In Africa a million people, mostly pregnant women and young children, die every year due to malaria despite the fact that the disease is mostly curable. The problem lies in that life saving drugs are not available when and where it is needed most. "SMS for Life" is a new Short Messaging Service (SMS) based malaria medicine stocking system developed by IBM, Novartis, Vodafone and Roll Back Malaria partnership that aims to solve this problem. It uses a combination of existing mobile phones, existing SMS service and combined it with intuitive websites to track and manage the supply of drugs to ensure stocks do not run out.
The concept was developed by pharmaceutical company Novartis and a team of international students taking part in IBM's internship programme, Extreme Blue. IBM is managing the project,and Vodafone is assisting with the SMS system.
A trial taking place in 135 villages throughout Tanzania sees staff at each of the rural health facilities receive automated SMS messages, which prompt them to check the remaining stock of anti-malarial drugs each week.

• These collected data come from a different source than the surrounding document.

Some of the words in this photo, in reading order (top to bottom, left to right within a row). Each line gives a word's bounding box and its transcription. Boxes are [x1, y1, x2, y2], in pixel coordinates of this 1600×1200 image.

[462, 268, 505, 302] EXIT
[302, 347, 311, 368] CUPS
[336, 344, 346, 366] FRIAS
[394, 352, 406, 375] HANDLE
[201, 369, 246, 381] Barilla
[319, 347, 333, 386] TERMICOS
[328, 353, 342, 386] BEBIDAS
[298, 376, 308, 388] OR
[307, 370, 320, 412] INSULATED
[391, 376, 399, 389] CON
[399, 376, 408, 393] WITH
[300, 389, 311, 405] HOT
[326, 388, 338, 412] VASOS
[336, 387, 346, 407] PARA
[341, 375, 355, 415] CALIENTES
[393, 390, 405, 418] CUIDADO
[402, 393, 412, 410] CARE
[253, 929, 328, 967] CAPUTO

Using toll-free numbers, staff reply with an SMS to a central database system hosted in the United Kingdom, providing details of stock levels, and deliveries can be made before supplies run out at local health centers. This system was pilot tested in 135 villages covering over a million populations.

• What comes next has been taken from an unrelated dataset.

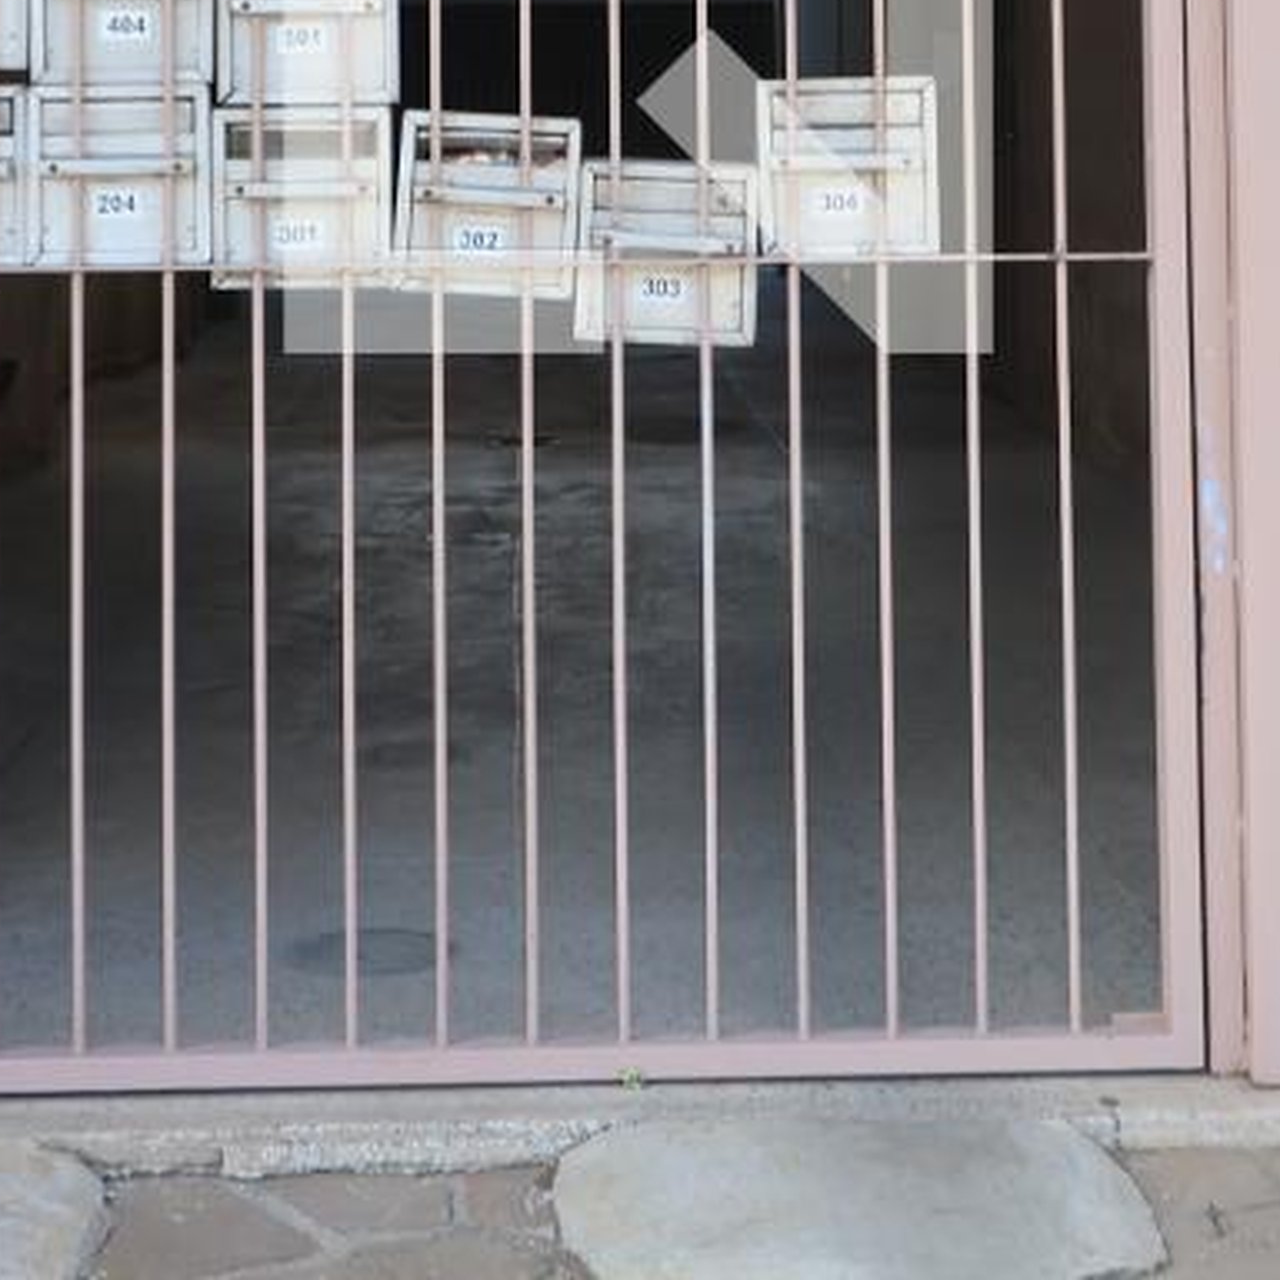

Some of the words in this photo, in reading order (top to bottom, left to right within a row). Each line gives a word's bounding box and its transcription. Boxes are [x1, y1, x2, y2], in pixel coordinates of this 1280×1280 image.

[106, 15, 146, 34] 404
[97, 193, 136, 214] 204
[460, 230, 498, 250] 302
[642, 278, 682, 298] 303

During the first few weeks of the pilot, the number of health facilities with stock-outs in one district alone, was reduced by over 75%. “The SMS for Life program has already had a positive effect in Tanzania,” says Senior Health Officer with Ministry of Health and Social Welfare, Tanzania, Winfred Mwafongo. “I've seen district medical officers ordering urgent stock replacements for various health facilities. During a visit to 19 rural health facilities in one district alone, I saw huge improvements in their inventory management systems. I'm very impressed with the results so far and look forward to following the rest of the pilot through to completion."
The early success of the SMS for Life pilot project has the Tanzanian authorities interested in implementing the solution across the rest of the country. Tanzania has around 5000 clinics, hospitals and dispensaries, but at any one time, as many as half could potentially be out of stock of anti-malarial drugs.
“Collaboration is critical to tackle health problems of the developing world, and we are proud to be part of the SMS for Life partnership, a project that will reduce stock-outs, and ensure that mothers and their young children in Africa have access to life-saving anti-malarial medicines,” says Silvio Gabriel, Executive Vice President and Head of the Malaria Initiatives at Novartis.
Designed as a public and private partnership leveraging the skills and resources of several companies, SMS for Life could have far-reaching implications for existing health systems worldwide. Several other African states are already keen to introduce the project.